*MATERIAL FOR THIS EXERCISE*
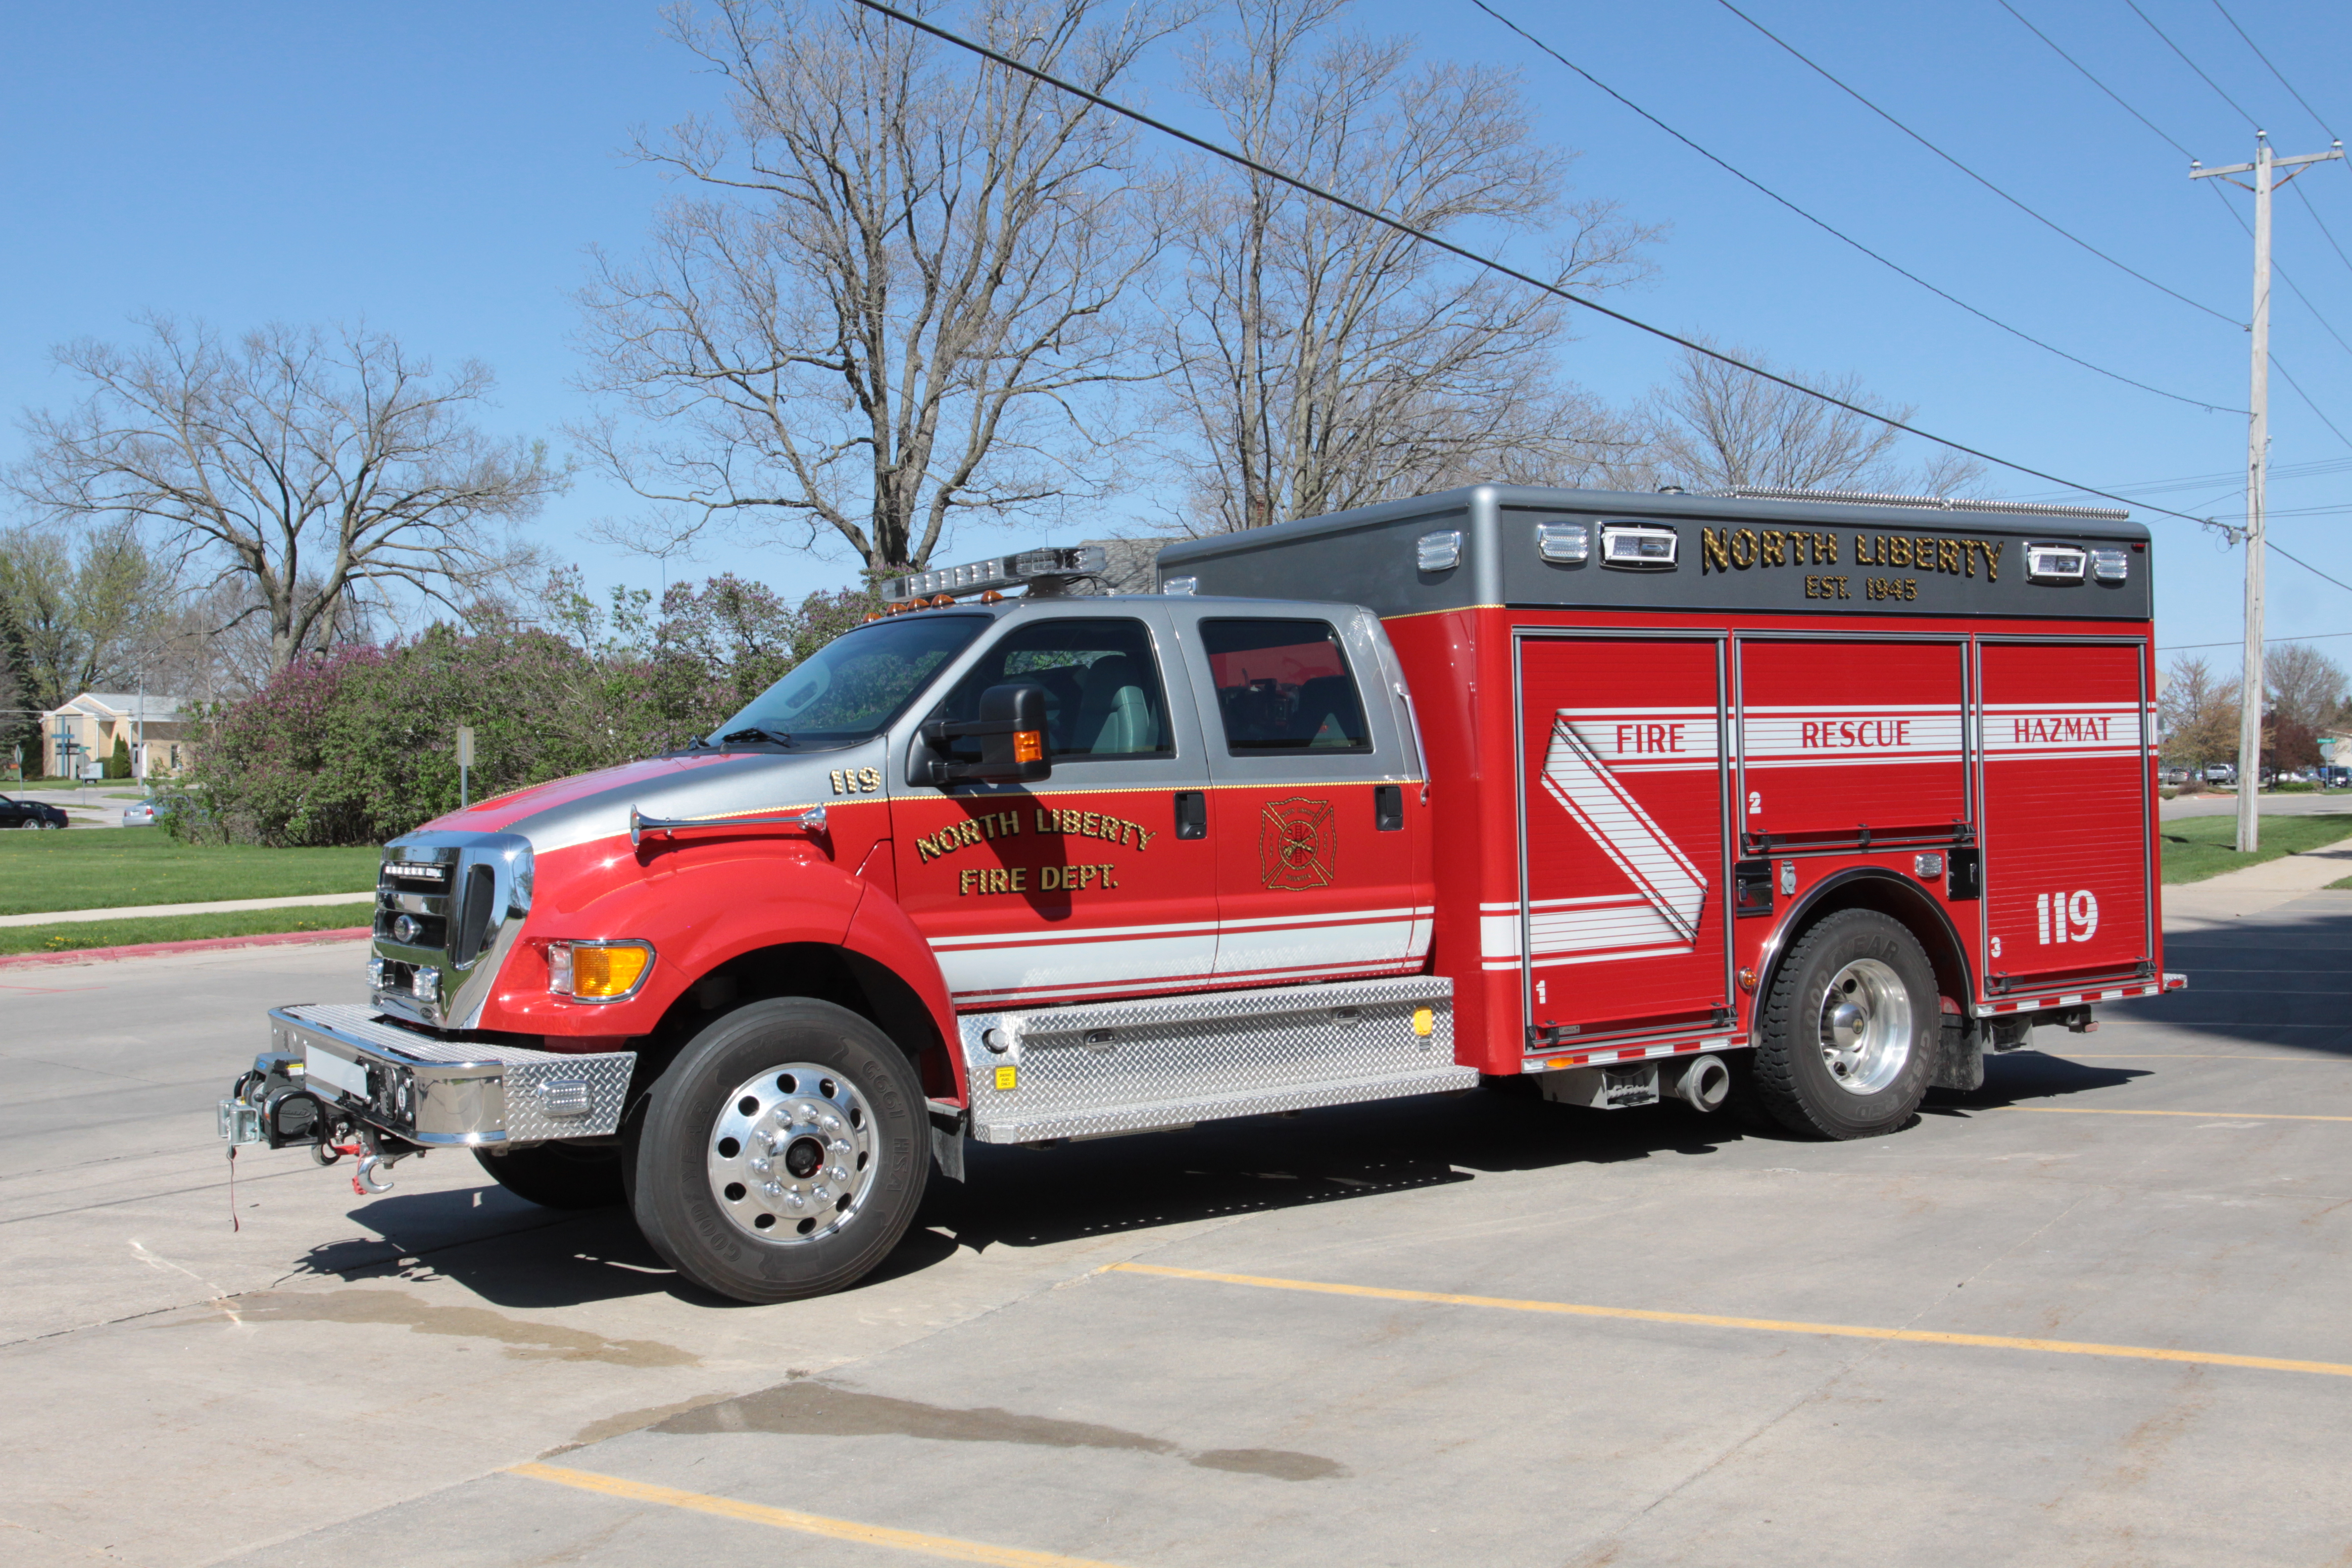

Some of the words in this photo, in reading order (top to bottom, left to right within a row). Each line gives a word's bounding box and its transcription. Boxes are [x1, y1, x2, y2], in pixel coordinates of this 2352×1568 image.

[1702, 527, 1837, 576] NORTH
[1855, 535, 2004, 583] LIBERTY
[1805, 575, 1851, 599] EST.
[1866, 577, 1917, 601] 1945
[1617, 724, 1686, 753] FIRE
[1802, 721, 1911, 748] RESCUE
[2014, 718, 2111, 743] HAZMAT
[829, 767, 881, 795] 119
[1749, 791, 1761, 814] 2
[916, 810, 1020, 864] NORTH
[1034, 808, 1157, 851] LIBERTY
[960, 868, 1027, 895] FIRE
[1040, 864, 1118, 891] DEPT.
[2037, 890, 2098, 945] 119
[1991, 937, 2001, 958] 3
[1536, 980, 1546, 1004] 1
[862, 1061, 905, 1119] G661
[887, 1138, 909, 1192] HSA

*INSTRUCTIONS FOR THE TASK*
In the answer, the entries should be restated verbatim, with all pictures omitted.

*EXERCISE RESULT*
Some of the words in this photo, in reading order (top to bottom, left to right within a row). Each line gives a word's bounding box and its transcription. Boxes are [x1, y1, x2, y2], in pixel coordinates of this 2352×1568 image.

[1702, 527, 1837, 576] NORTH
[1855, 535, 2004, 583] LIBERTY
[1805, 575, 1851, 599] EST.
[1866, 577, 1917, 601] 1945
[1617, 724, 1686, 753] FIRE
[1802, 721, 1911, 748] RESCUE
[2014, 718, 2111, 743] HAZMAT
[829, 767, 881, 795] 119
[1749, 791, 1761, 814] 2
[916, 810, 1020, 864] NORTH
[1034, 808, 1157, 851] LIBERTY
[960, 868, 1027, 895] FIRE
[1040, 864, 1118, 891] DEPT.
[2037, 890, 2098, 945] 119
[1991, 937, 2001, 958] 3
[1536, 980, 1546, 1004] 1
[862, 1061, 905, 1119] G661
[887, 1138, 909, 1192] HSA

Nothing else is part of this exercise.